Ia melihat Lea sudah memasang kursi dan meja kemah miliknya tak jauh dari pantai. Darisana juga ada sebuah kompor uang sedang menyala, lengkap dengan sebuah panci diatasnya.
"Kemarin saat memilih baju sekilas aku melihat semua alat kemah ini, jadi kupikir menikmati mie dipagi hari sembari melihat matahari terbit tak buruk" jawabnya berhati hati.
Alvin tersenyum lebar, "padahal alat kemah ini tak pernah kupakai sejak pertama kali kubeli" ucapnya dalam hati.
Alvin dan Lea menyantap sarapan pagi mereka sembari melihat matahari terbit, meski tak sepatah katapun terucap dari mereka namun wajah mereka nampak puas karena keindahan pemandangan pagi itu.
"Halo yah" ucap Alvin saat ayahnya kenelpon disela sela lamunannya.
"Baik, aku akan kesana" jawabnya lagi.
Alvin menutup telponnya, ia mandang kearah Lea yang masih tenang menikmati angin pantai.

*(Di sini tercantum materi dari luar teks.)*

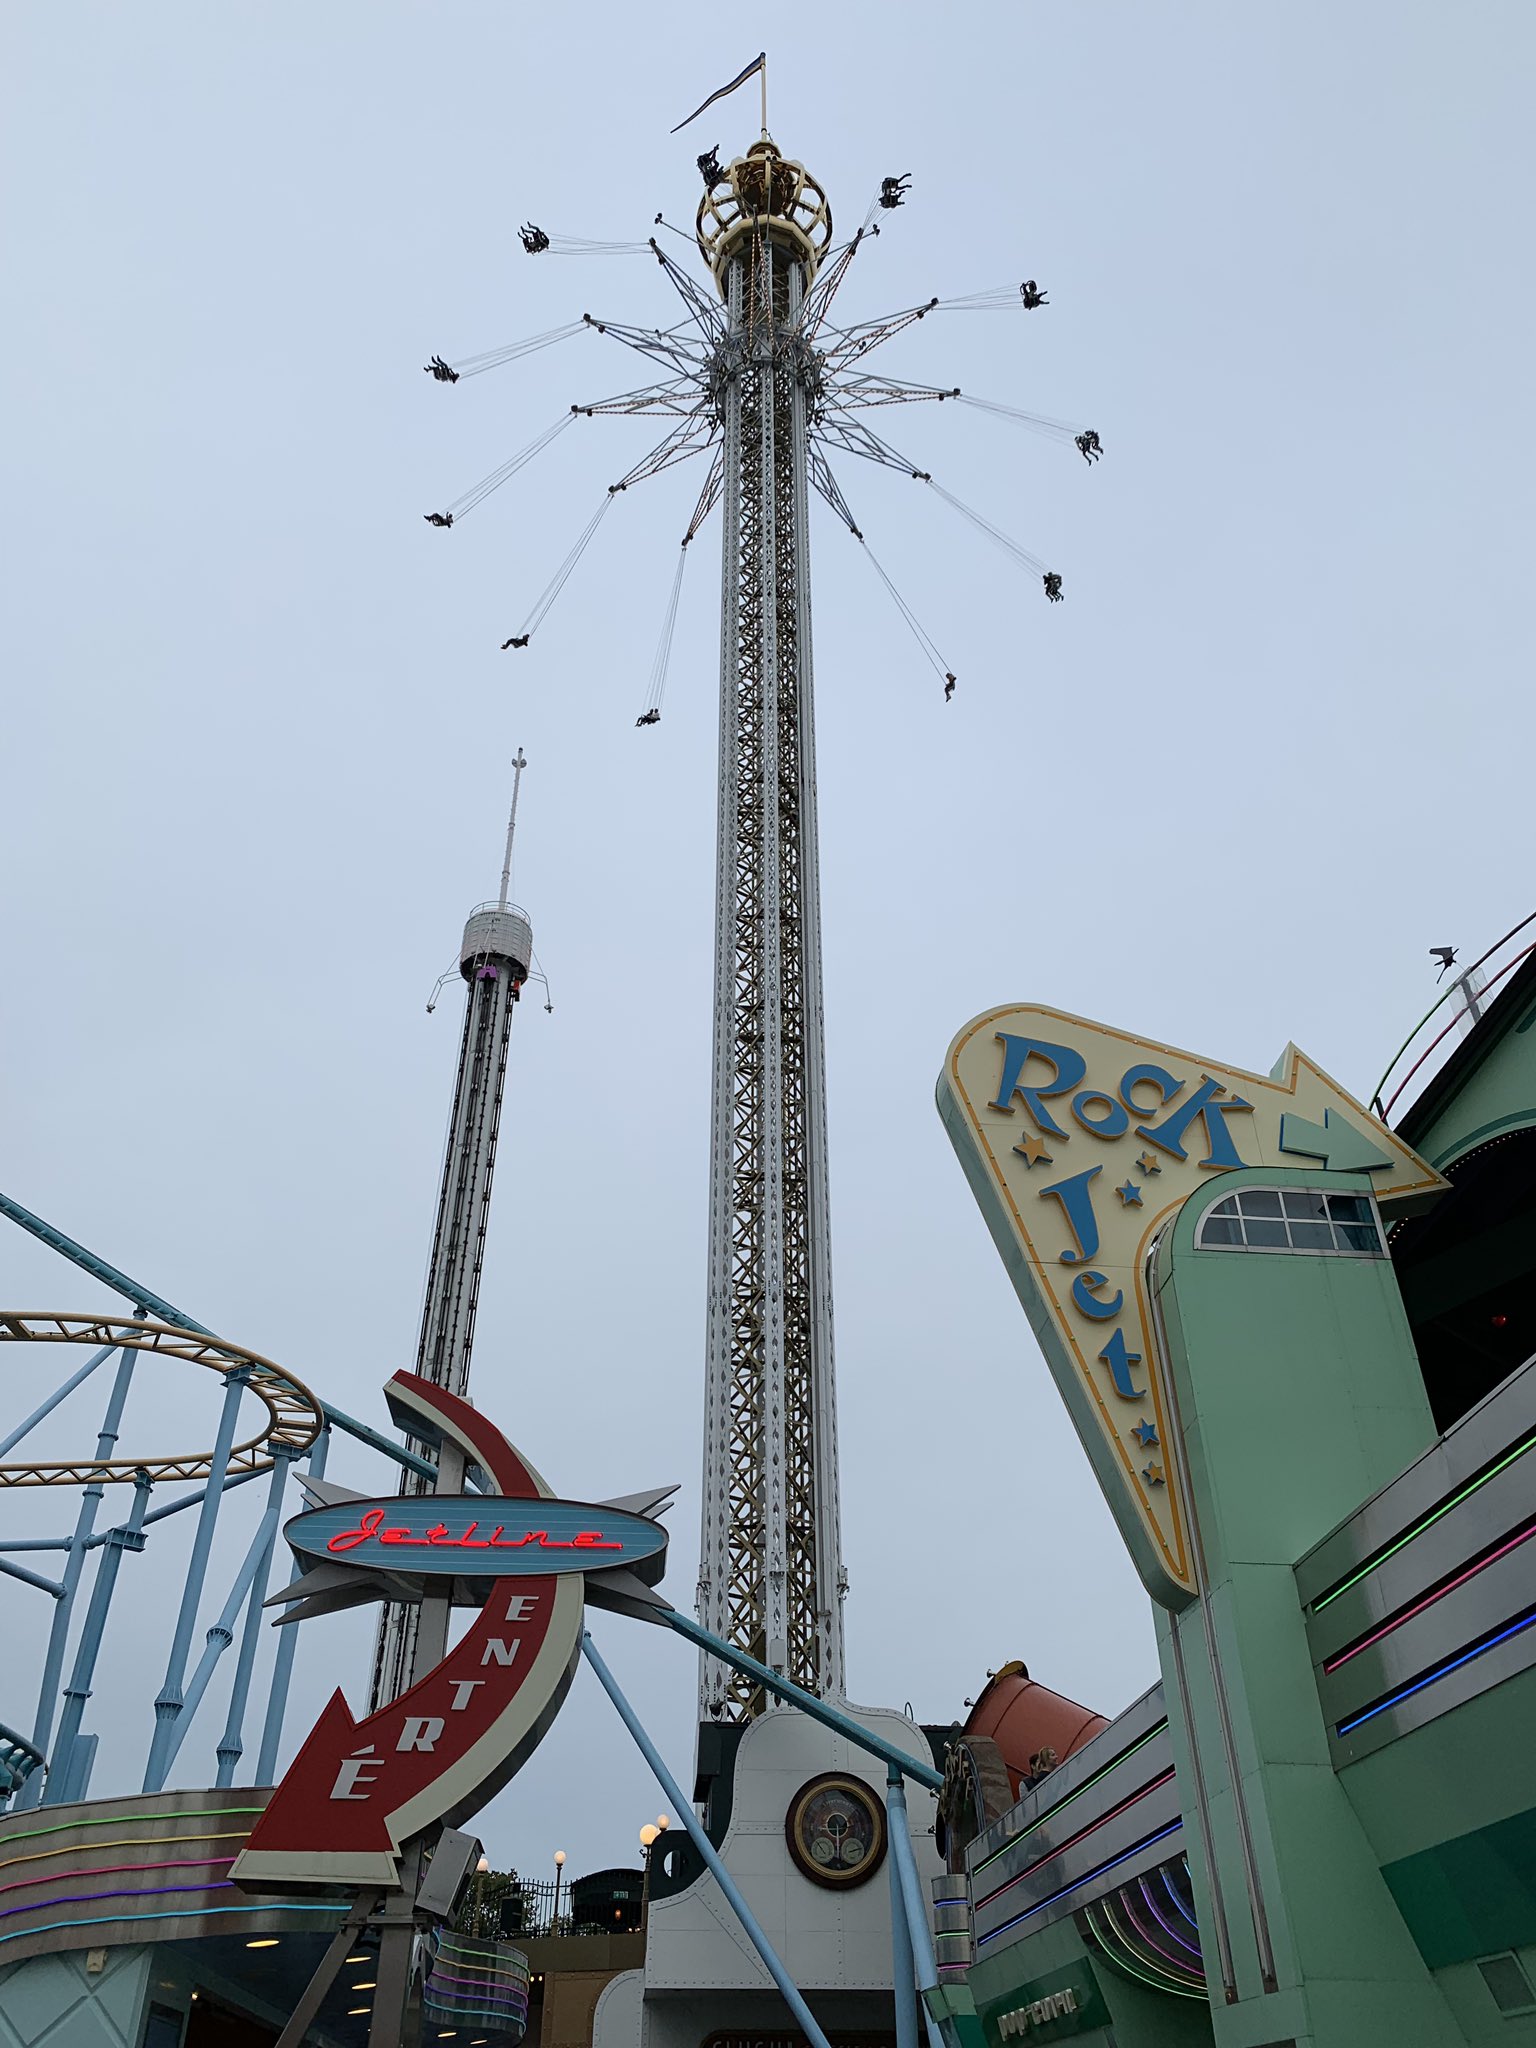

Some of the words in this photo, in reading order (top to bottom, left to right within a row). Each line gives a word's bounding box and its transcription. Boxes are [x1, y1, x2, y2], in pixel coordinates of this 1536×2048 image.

[1039, 1164, 1147, 1399] Jet
[327, 1508, 623, 1551] Jetline
[329, 1595, 540, 1800] ENTRÉ

"Ayah memintaku ke panti asuhan sekitar sini, kamu tak keberatan bukan jika harus kesana sebelum pulang?" Tanya Alvin pada Lea.
Lea mengangguk.
***
Drrrtttt! Drrrtttt!
"Sayang, Lea menelpon" ucap seorang pria pada ibu Lea yang sedang memasak makan malam.
"Tanganku kotor, bisa tolong angkat dan tanya kapan dia akan pulang?" Teriaknya dari dapur.
Pria itu bergegas mengambil ponsel yang masih bergetar itu, lalu membawanya kedapur.
"Kamu yakin?" Tanyanya ragu.
Ibu Lea mengangguk.
"Halo?" Ucap Lea diujung telpon saat panggilannya tersambung.
"Ha- halo!" Pria itu menyapa canggung.
"Ah, bisa bicara pada ibu?" Tanya Lea.
Pria itu mengangguk lalu menempelkan ponselnya pada kuping ibu Lea yang sedang tertawa kecil.
"Lea takkan pulang malam ini, kamu bisa tidur disini malam ini" ucap ibu Lea pada pria itu.
***
"Halo, ada apa Alvin?" Tanya ayah Alvin saat tiba tiba ia mendapat telpon dari anaknya.
"Ahh, iya. Lebih baik tak pulang malam ini, lagipula akan lebih berbahaya jika memaksa naik kapal saat sedang hujan deras" lanjutnya.
"Hati hati saja"
Pria itu tersenyum saat telponnya dimatikan, untuk pertama kali dalam hidupnya mendengar anaknya sendiri memberi kabar padanya.
Selama bertahun tahun ia menyimpan rasa bersalah karena tak bisa memberikan kehidupan yang normal sebagai seorang ayah pada anaknya.
"Anak itu sudah besar" gumamnya.
"Siapa?" Tanya seorang perempuan sembari memeluk ayah Alvin dari belakang.
"Anakku" jawabnya tenang.
"Dia tak pulang malam ini karena jalan jalan bersama temannya, ayo kita tidur"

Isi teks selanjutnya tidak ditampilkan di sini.